POP GOES THE WORLD By Jenny Ortuoste for Manila Standard-Today, 13 December 2012, Wednesday
A front-page photograph in yesterday’s MST showed a row of solemn Catholic clergy – a cardinal and a brace each of archbishops and bishops – “watching the continuation of the deliberations on the [RH bill], which the Catholic Church condemns, at the House of Representatives.”
The front page of MST’s 12-12-12 issue.
Understandably, given their stature and eminence, these are grave, elderly men who have dedicated their lives to pursuing the interests of the Church. In their belief, by opposing the RH bill, they are trying to do their best for their adherents.
Among those clamoring for lawmakers to pass the RH bill are 23 medical groups, among them the Philippine Medical Association, Philippine Obstetrical and Gynecological Society, the National Center for Disease Prevention and Control, Department of Health, Philippine College of Physicians, and others.
The groups combined represent around 267,000 health care professionals (physicians, nurses, and midwives). The PMA said in a statement, “As health care providers we cannot be reduced to being for or against the bill because our obligation has and will always be about saving lives, and the longer we stay quiet, the more lives are lost.”
Screenshot of Philippine Medical Association website.

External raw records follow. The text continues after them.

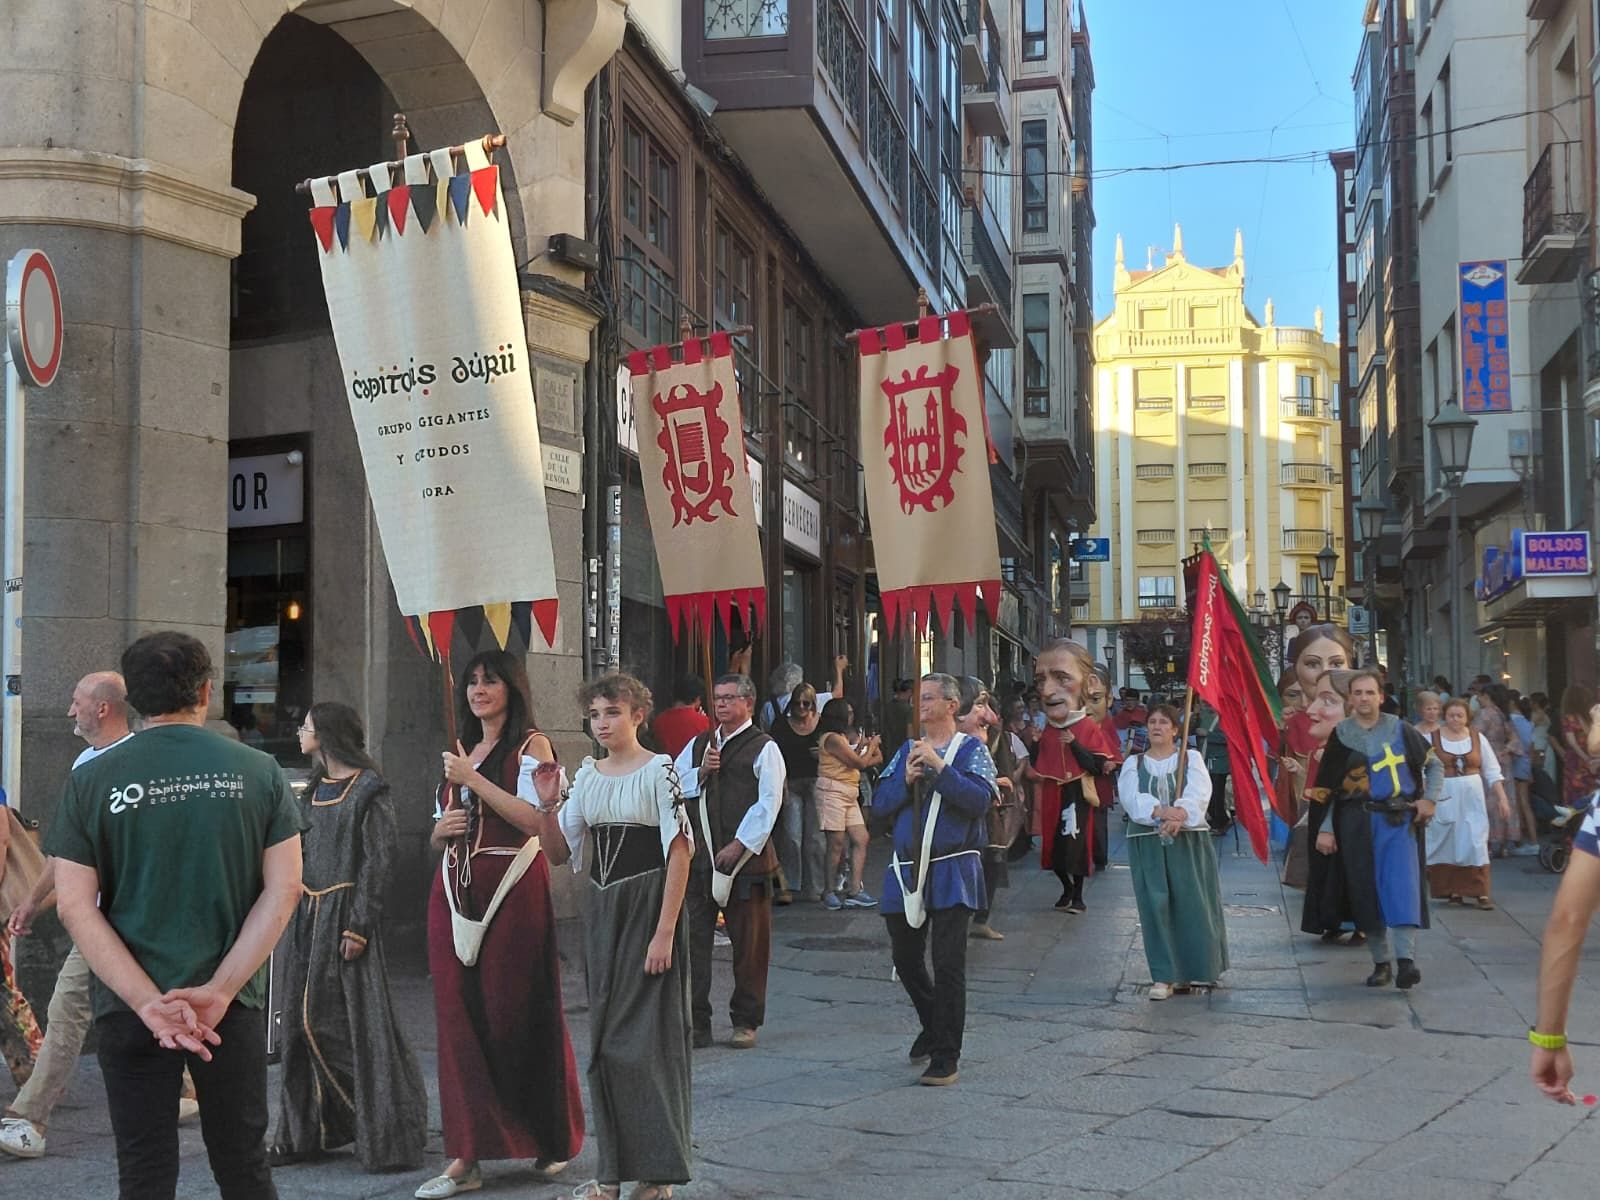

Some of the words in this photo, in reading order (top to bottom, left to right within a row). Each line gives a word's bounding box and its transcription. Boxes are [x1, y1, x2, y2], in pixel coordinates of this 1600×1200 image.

[1464, 303, 1485, 408] MALETAS
[1486, 302, 1508, 409] BOLSOS
[377, 421, 412, 436] GRUPO
[418, 408, 490, 428] GIGANTES
[397, 454, 404, 465] Y
[550, 452, 569, 464] CALLE
[547, 461, 556, 472] DE
[560, 464, 568, 474] LA
[422, 485, 454, 499] ORA
[1528, 538, 1583, 553] BOLSOS
[1526, 557, 1586, 571] MALETAS
[149, 772, 243, 785] ANIVERSARIO
[109, 783, 144, 814] 20
[150, 794, 186, 805] 2005
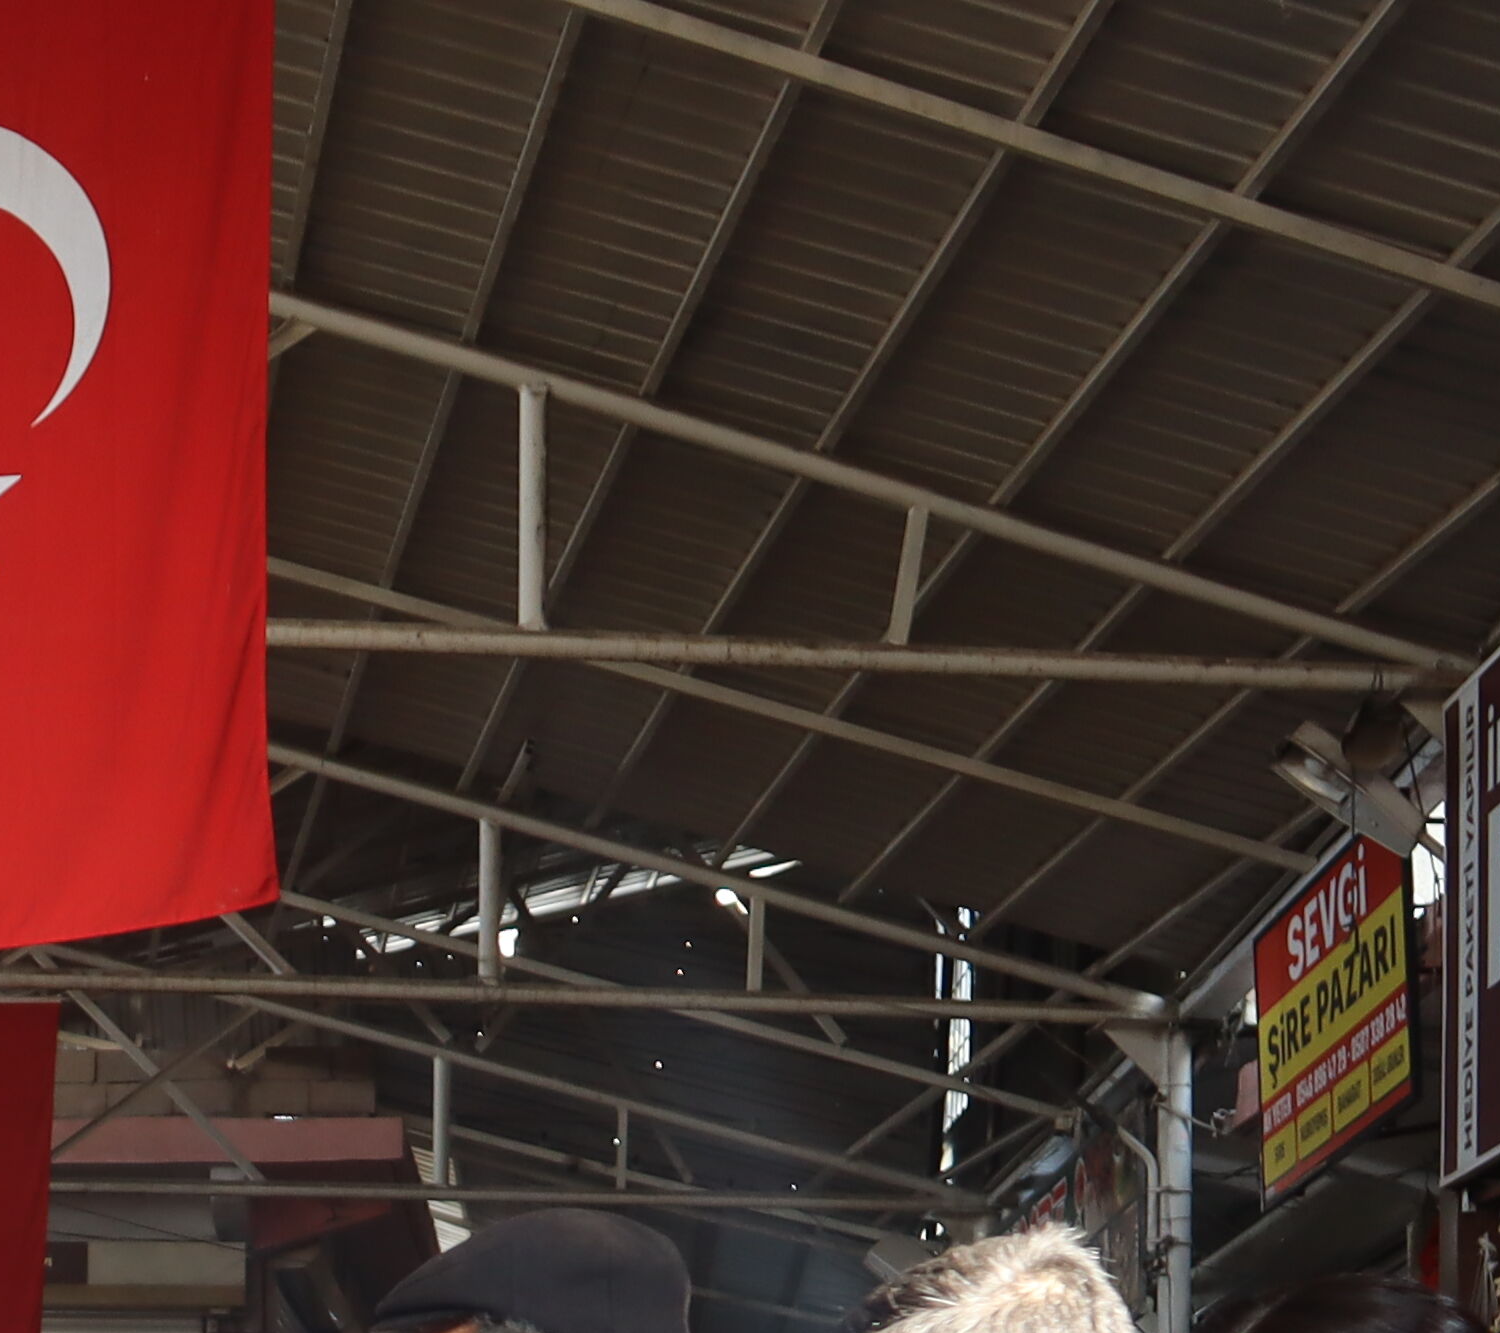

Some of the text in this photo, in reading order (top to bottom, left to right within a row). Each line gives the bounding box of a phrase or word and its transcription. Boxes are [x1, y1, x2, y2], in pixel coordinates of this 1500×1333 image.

Like the Catholic clergy so adamantly on the opposite side of the fence, these health care providers are also believe they are doing their best for those they serve.
There can be no compromise in this regard, because such a bill is all or nothing. A watered-down version would not deliver all the benefits sought by the bill’s authors and supporters.
But what do old celibate men know firsthand about having wives and children or raising a family in dire circumstances? By the very nature of their vocation, they are not allowed to have personal experience of this. They make their stand based on their faith.
Medical practitioners, however, themselves have families of their own and are directly engaged in caring for pregnant women, mothers, and newborn infants. They make their stand based on their knowledge, experience, and personal observation over years of medical practice.
This is how our lawmakers need to make decisions – based on science and facts, not on the dictates of a religious text or dogma that not everyone in this society believes in.
Why some representatives voted against the RH Bill on 12-12-12. Image found on Facebook here.
That would be the logical and sensible way of doing things because in a society with a degree of diversity such as ours, not everyone is Catholic. Not everyone disagrees with the provisions of the RH bill. Merely because a traditionally powerful clique in society wishes to continue holding sway over politics as it did in centuries past does not mean that we should allow this to continue today.
Allowing one Church to have their way in this would make us no different from a religious state such as those in the Middle East. Doing so would negate the provision for the separation of church and state in the Constitution. Doing so would render useless the efforts made by many throughout history who championed science and the right to personal choice and suffered for defying the intransigence of the dominant ideology.
The inflexibility of the Catholic Church’s stand on the RH bill and other current events shows how stuck it is in the past. For some of the clergy to have blamed events as disparate as the devastation caused by typhoon Pablo and the devastation caused upon Manny Pacquiao’s face by Juan Manuel Marquez’s powerful right hand to the wrath of God is to impute a gullible credulity to the populace.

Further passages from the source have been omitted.